Skills for Codex: The missing layer between prompts and reliable workflows
AGENTS.md, skills, and scriptsMost teams experimenting with coding agents are still operating at the wrong layer.
They keep trying to get reliability by writing better prompts. That helps a little. It does not solve the real problem.
The hard part is not telling the model to "be careful" or "think step by step." The hard part is turning repeated engineering workflows into artifacts the agent can reuse: repo instructions, narrowly scoped skills, and deterministic helper scripts.
That is what I built in this demo repository.
The repo is small on purpose. It contains a tiny legacy-style Python service, four concrete Codex skills, a short AGENTS.md, several Python scripts, and lightweight tests. The point is not to show off a toy prompt library. The point is to show what a serious workflow layer looks like when you want an agent to behave more like an engineer and less like an improv partner.
One-line takeaway: prompting is too ephemeral for repeated engineering work.
Another one: if a workflow matters more than once, it should probably exist as a repo artifact.

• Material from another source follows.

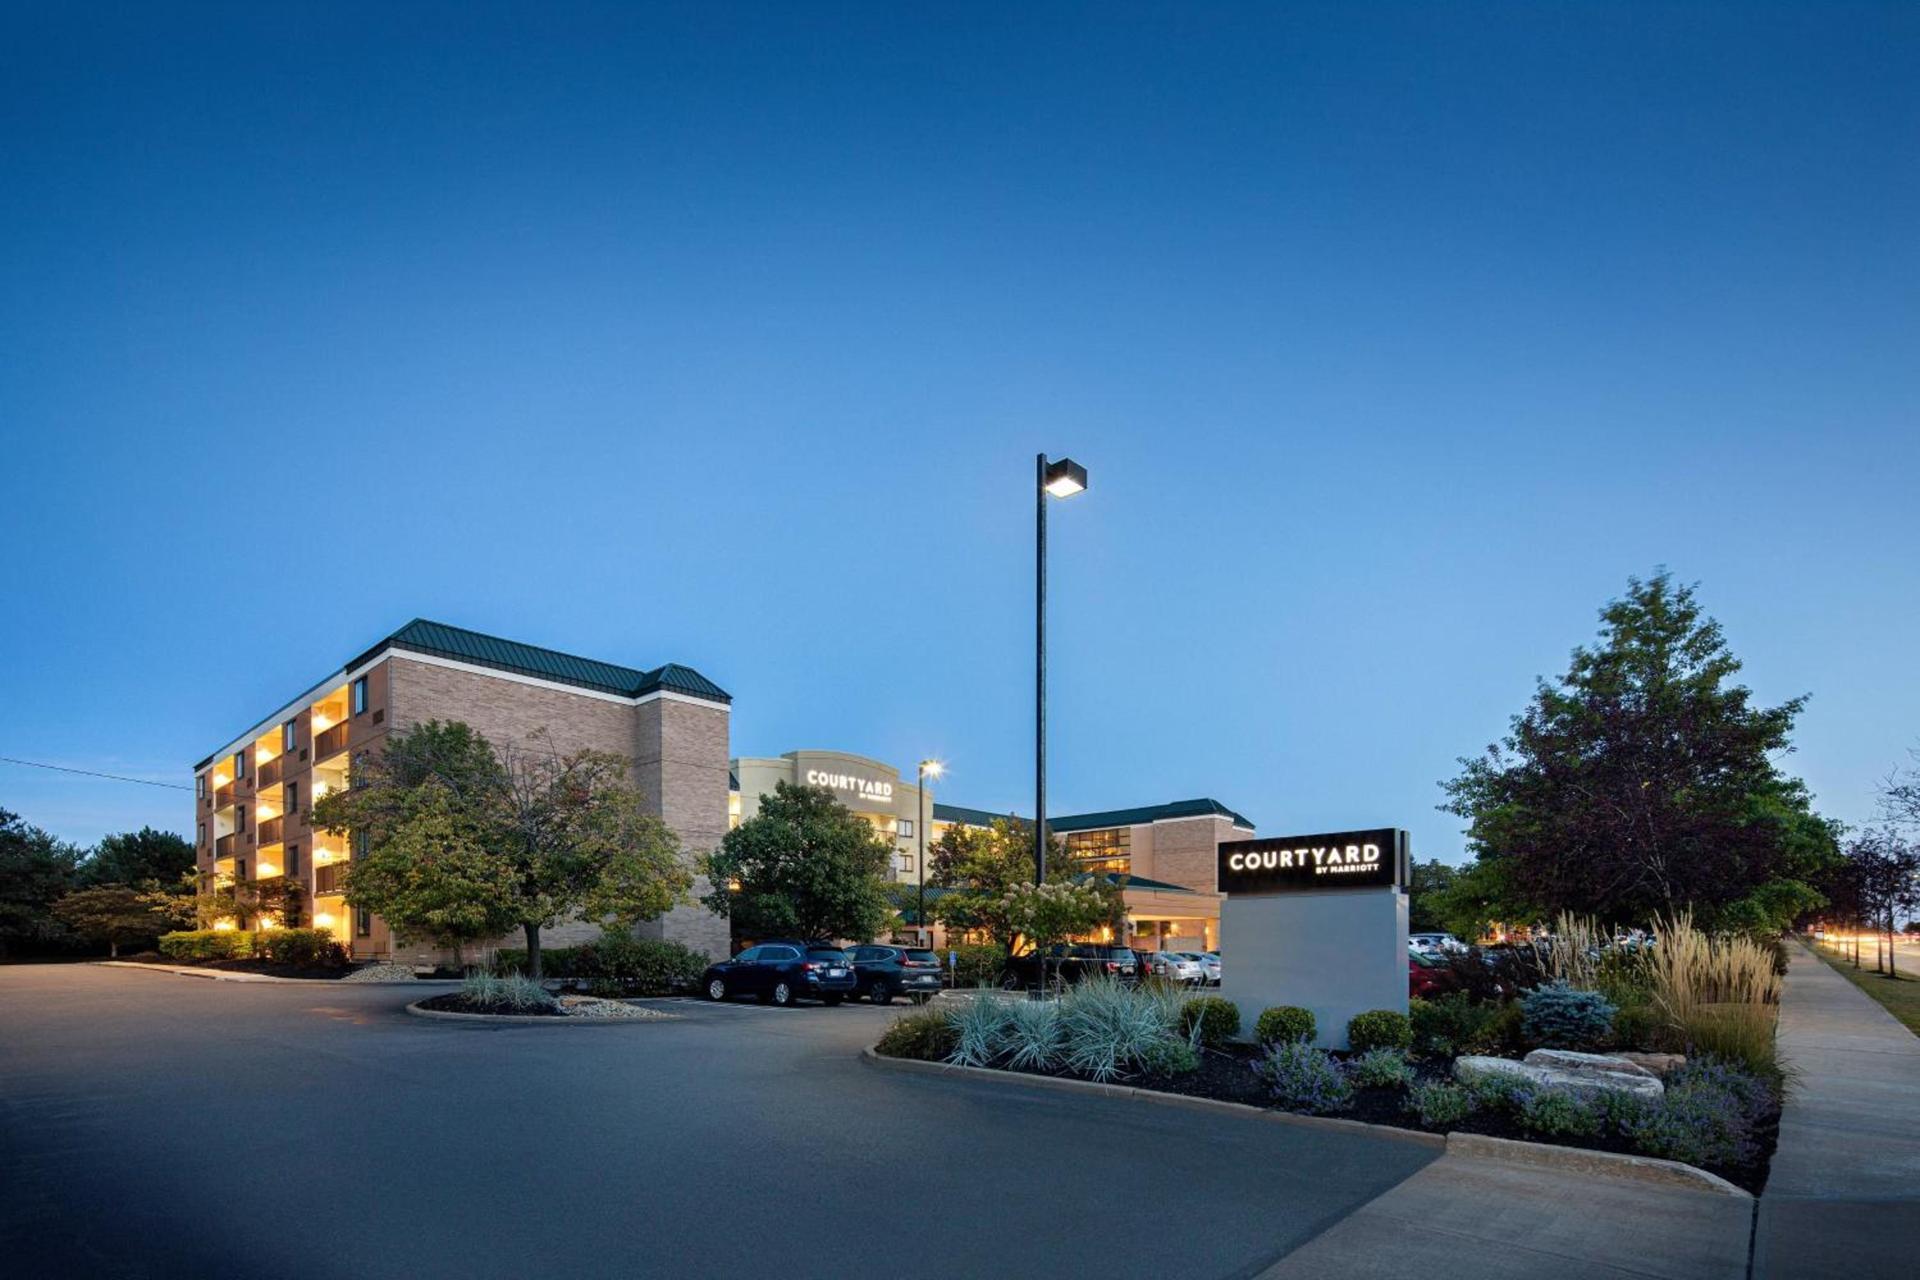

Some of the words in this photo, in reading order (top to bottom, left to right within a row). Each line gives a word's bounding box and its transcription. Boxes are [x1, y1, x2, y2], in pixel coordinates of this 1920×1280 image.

Why prompting alone breaks down
One-off prompting degrades for boring reasons:
- The same task gets described slightly differently every time.
- The agent re-derives the workflow from scratch.
- Deterministic steps get handled as prose instead of code.
- The model mixes operational guidance with local reasoning and drops part of it under pressure.
Senior engineers already know this pattern from human systems. If a workflow matters, we do not rely on memory alone. We add runbooks, scripts, templates, checks, and conventions.
Coding agents need the same thing.
"Please inspect the code carefully before changing anything" is not a reliable mechanism. It is a wish. A skill with explicit triggers, steps, outputs, and boundaries is a mechanism.
The missing layer: AGENTS.md + skills + scripts
The repo uses three layers, each doing a different job.
AGENTS.md is the repo-level contract. It tells Codex how work should be done here:
- prefer skills for recurring workflows
- use scripts for deterministic tasks
- validate changes before calling them done
- plan first when risk or ambiguity is non-trivial
That file is intentionally short. Repo instructions are more useful when they set constraints and decision rules, not when they try to micromanage every possible action.
The skills are the workflow layer. Each one has a sharp name, obvious routing description, trigger conditions, workflow steps, expected outputs, and boundaries. That matters because routing quality is part of the problem. If skill names are vague, the agent will miss them or apply them at the wrong time.
The scripts are there for the parts that should not depend on language generation at all. Parsing test failures, scanning a repo for hotspots, and extracting risk signals from a diff are all better handled with code than with a paragraph of instructions.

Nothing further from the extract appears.